Work task: Whatever appears in the data below, copy it exactly.
---+---
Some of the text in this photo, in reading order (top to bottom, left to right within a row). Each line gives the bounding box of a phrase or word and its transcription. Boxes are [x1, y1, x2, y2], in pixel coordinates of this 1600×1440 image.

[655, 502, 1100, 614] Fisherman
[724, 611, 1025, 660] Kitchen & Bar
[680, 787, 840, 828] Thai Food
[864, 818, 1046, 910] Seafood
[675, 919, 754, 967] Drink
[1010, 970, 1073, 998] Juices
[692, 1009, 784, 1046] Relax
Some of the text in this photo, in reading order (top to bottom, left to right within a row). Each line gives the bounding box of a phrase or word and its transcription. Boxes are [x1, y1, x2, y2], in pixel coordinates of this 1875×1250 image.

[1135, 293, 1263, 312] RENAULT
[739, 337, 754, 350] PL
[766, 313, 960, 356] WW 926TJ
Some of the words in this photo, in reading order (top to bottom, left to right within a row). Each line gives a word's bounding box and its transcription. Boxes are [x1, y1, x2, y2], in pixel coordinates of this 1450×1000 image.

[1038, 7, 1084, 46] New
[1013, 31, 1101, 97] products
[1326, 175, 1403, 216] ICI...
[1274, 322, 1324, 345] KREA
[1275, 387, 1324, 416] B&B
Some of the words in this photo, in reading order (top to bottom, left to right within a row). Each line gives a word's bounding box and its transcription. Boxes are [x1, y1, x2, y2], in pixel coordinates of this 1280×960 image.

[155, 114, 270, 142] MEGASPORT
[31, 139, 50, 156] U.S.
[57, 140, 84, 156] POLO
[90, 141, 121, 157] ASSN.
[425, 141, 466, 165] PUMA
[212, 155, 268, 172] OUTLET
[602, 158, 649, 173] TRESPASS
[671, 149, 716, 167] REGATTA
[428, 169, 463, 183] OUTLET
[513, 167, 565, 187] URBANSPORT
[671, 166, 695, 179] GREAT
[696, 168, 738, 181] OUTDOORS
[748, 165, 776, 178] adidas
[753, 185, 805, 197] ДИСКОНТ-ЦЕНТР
---+---
Output of the task:
Some of the text in this photo, in reading order (top to bottom, left to right within a row). Each line gives the bounding box of a phrase or word and its transcription. Boxes are [x1, y1, x2, y2], in pixel coordinates of this 1600×1440 image.

[655, 502, 1100, 614] Fisherman
[724, 611, 1025, 660] Kitchen & Bar
[680, 787, 840, 828] Thai Food
[864, 818, 1046, 910] Seafood
[675, 919, 754, 967] Drink
[1010, 970, 1073, 998] Juices
[692, 1009, 784, 1046] Relax
Some of the text in this photo, in reading order (top to bottom, left to right within a row). Each line gives the bounding box of a phrase or word and its transcription. Boxes are [x1, y1, x2, y2], in pixel coordinates of this 1875×1250 image.

[1135, 293, 1263, 312] RENAULT
[739, 337, 754, 350] PL
[766, 313, 960, 356] WW 926TJ
Some of the words in this photo, in reading order (top to bottom, left to right within a row). Each line gives a word's bounding box and its transcription. Boxes are [x1, y1, x2, y2], in pixel coordinates of this 1450×1000 image.

[1038, 7, 1084, 46] New
[1013, 31, 1101, 97] products
[1326, 175, 1403, 216] ICI...
[1274, 322, 1324, 345] KREA
[1275, 387, 1324, 416] B&B
Some of the words in this photo, in reading order (top to bottom, left to right within a row). Each line gives a word's bounding box and its transcription. Boxes are [x1, y1, x2, y2], in pixel coordinates of this 1280×960 image.

[155, 114, 270, 142] MEGASPORT
[31, 139, 50, 156] U.S.
[57, 140, 84, 156] POLO
[90, 141, 121, 157] ASSN.
[425, 141, 466, 165] PUMA
[212, 155, 268, 172] OUTLET
[602, 158, 649, 173] TRESPASS
[671, 149, 716, 167] REGATTA
[428, 169, 463, 183] OUTLET
[513, 167, 565, 187] URBANSPORT
[671, 166, 695, 179] GREAT
[696, 168, 738, 181] OUTDOORS
[748, 165, 776, 178] adidas
[753, 185, 805, 197] ДИСКОНТ-ЦЕНТР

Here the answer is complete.